__WORK TO BE COMPLETED__
Restate all of the material, keeping every line identical to the original.

__DATASET ENTRIES__

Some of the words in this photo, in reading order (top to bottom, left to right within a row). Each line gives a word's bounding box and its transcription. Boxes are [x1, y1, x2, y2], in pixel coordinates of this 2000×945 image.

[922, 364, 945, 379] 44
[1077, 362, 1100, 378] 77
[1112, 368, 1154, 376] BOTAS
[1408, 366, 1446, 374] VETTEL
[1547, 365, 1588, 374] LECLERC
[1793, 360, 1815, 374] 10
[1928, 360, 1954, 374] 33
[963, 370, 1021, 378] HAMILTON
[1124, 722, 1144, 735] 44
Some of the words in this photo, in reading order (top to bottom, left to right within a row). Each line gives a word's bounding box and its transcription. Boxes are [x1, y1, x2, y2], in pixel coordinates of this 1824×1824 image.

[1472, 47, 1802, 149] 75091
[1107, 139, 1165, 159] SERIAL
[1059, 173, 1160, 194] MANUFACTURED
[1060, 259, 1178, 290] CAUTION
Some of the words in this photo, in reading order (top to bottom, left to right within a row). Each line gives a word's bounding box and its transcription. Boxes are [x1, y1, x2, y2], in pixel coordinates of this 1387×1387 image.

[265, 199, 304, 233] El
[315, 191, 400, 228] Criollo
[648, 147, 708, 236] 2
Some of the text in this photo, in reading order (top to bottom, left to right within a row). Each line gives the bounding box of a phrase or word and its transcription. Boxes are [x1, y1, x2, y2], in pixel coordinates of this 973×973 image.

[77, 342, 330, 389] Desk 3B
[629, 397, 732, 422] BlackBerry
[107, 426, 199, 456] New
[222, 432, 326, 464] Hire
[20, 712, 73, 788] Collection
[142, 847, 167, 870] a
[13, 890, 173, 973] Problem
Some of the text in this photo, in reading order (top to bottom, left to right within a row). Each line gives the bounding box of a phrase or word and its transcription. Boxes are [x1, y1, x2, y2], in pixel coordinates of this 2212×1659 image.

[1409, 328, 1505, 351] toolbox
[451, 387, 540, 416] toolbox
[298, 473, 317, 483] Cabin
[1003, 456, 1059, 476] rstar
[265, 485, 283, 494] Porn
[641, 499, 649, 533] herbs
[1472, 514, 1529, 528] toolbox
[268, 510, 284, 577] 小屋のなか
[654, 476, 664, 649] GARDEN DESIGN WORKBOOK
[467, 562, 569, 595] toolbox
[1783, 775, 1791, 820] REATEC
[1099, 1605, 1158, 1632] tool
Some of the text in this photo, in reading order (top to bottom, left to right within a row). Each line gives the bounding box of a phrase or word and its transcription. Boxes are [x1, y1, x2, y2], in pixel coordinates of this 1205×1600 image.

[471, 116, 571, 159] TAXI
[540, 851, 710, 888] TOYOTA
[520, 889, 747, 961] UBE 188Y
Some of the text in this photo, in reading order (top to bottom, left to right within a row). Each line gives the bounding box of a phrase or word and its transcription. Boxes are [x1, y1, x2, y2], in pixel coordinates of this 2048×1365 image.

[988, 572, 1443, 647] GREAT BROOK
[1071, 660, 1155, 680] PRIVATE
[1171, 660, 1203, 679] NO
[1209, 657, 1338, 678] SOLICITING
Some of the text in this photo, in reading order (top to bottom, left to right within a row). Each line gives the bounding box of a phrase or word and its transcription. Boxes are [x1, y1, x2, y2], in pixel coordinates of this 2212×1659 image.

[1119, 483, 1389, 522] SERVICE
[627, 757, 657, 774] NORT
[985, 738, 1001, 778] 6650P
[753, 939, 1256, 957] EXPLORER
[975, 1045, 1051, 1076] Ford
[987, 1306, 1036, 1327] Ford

__COMPLETED EXERCISE__
Some of the words in this photo, in reading order (top to bottom, left to right within a row). Each line gives a word's bounding box and its transcription. Boxes are [x1, y1, x2, y2], in pixel coordinates of this 2000×945 image.

[922, 364, 945, 379] 44
[1077, 362, 1100, 378] 77
[1112, 368, 1154, 376] BOTAS
[1408, 366, 1446, 374] VETTEL
[1547, 365, 1588, 374] LECLERC
[1793, 360, 1815, 374] 10
[1928, 360, 1954, 374] 33
[963, 370, 1021, 378] HAMILTON
[1124, 722, 1144, 735] 44
Some of the words in this photo, in reading order (top to bottom, left to right within a row). Each line gives a word's bounding box and its transcription. Boxes are [x1, y1, x2, y2], in pixel coordinates of this 1824×1824 image.

[1472, 47, 1802, 149] 75091
[1107, 139, 1165, 159] SERIAL
[1059, 173, 1160, 194] MANUFACTURED
[1060, 259, 1178, 290] CAUTION
Some of the words in this photo, in reading order (top to bottom, left to right within a row). Each line gives a word's bounding box and its transcription. Boxes are [x1, y1, x2, y2], in pixel coordinates of this 1387×1387 image.

[265, 199, 304, 233] El
[315, 191, 400, 228] Criollo
[648, 147, 708, 236] 2
Some of the text in this photo, in reading order (top to bottom, left to right within a row). Each line gives the bounding box of a phrase or word and its transcription. Boxes are [x1, y1, x2, y2], in pixel coordinates of this 973×973 image.

[77, 342, 330, 389] Desk 3B
[629, 397, 732, 422] BlackBerry
[107, 426, 199, 456] New
[222, 432, 326, 464] Hire
[20, 712, 73, 788] Collection
[142, 847, 167, 870] a
[13, 890, 173, 973] Problem
Some of the text in this photo, in reading order (top to bottom, left to right within a row). Each line gives the bounding box of a phrase or word and its transcription. Boxes are [x1, y1, x2, y2], in pixel coordinates of this 2212×1659 image.

[1409, 328, 1505, 351] toolbox
[451, 387, 540, 416] toolbox
[298, 473, 317, 483] Cabin
[1003, 456, 1059, 476] rstar
[265, 485, 283, 494] Porn
[641, 499, 649, 533] herbs
[1472, 514, 1529, 528] toolbox
[268, 510, 284, 577] 小屋のなか
[654, 476, 664, 649] GARDEN DESIGN WORKBOOK
[467, 562, 569, 595] toolbox
[1783, 775, 1791, 820] REATEC
[1099, 1605, 1158, 1632] tool
Some of the text in this photo, in reading order (top to bottom, left to right within a row). Each line gives the bounding box of a phrase or word and its transcription. Boxes are [x1, y1, x2, y2], in pixel coordinates of this 1205×1600 image.

[471, 116, 571, 159] TAXI
[540, 851, 710, 888] TOYOTA
[520, 889, 747, 961] UBE 188Y
Some of the text in this photo, in reading order (top to bottom, left to right within a row). Each line gives the bounding box of a phrase or word and its transcription. Boxes are [x1, y1, x2, y2], in pixel coordinates of this 2048×1365 image.

[988, 572, 1443, 647] GREAT BROOK
[1071, 660, 1155, 680] PRIVATE
[1171, 660, 1203, 679] NO
[1209, 657, 1338, 678] SOLICITING
Some of the text in this photo, in reading order (top to bottom, left to right within a row). Each line gives the bounding box of a phrase or word and its transcription. Boxes are [x1, y1, x2, y2], in pixel coordinates of this 2212×1659 image.

[1119, 483, 1389, 522] SERVICE
[627, 757, 657, 774] NORT
[985, 738, 1001, 778] 6650P
[753, 939, 1256, 957] EXPLORER
[975, 1045, 1051, 1076] Ford
[987, 1306, 1036, 1327] Ford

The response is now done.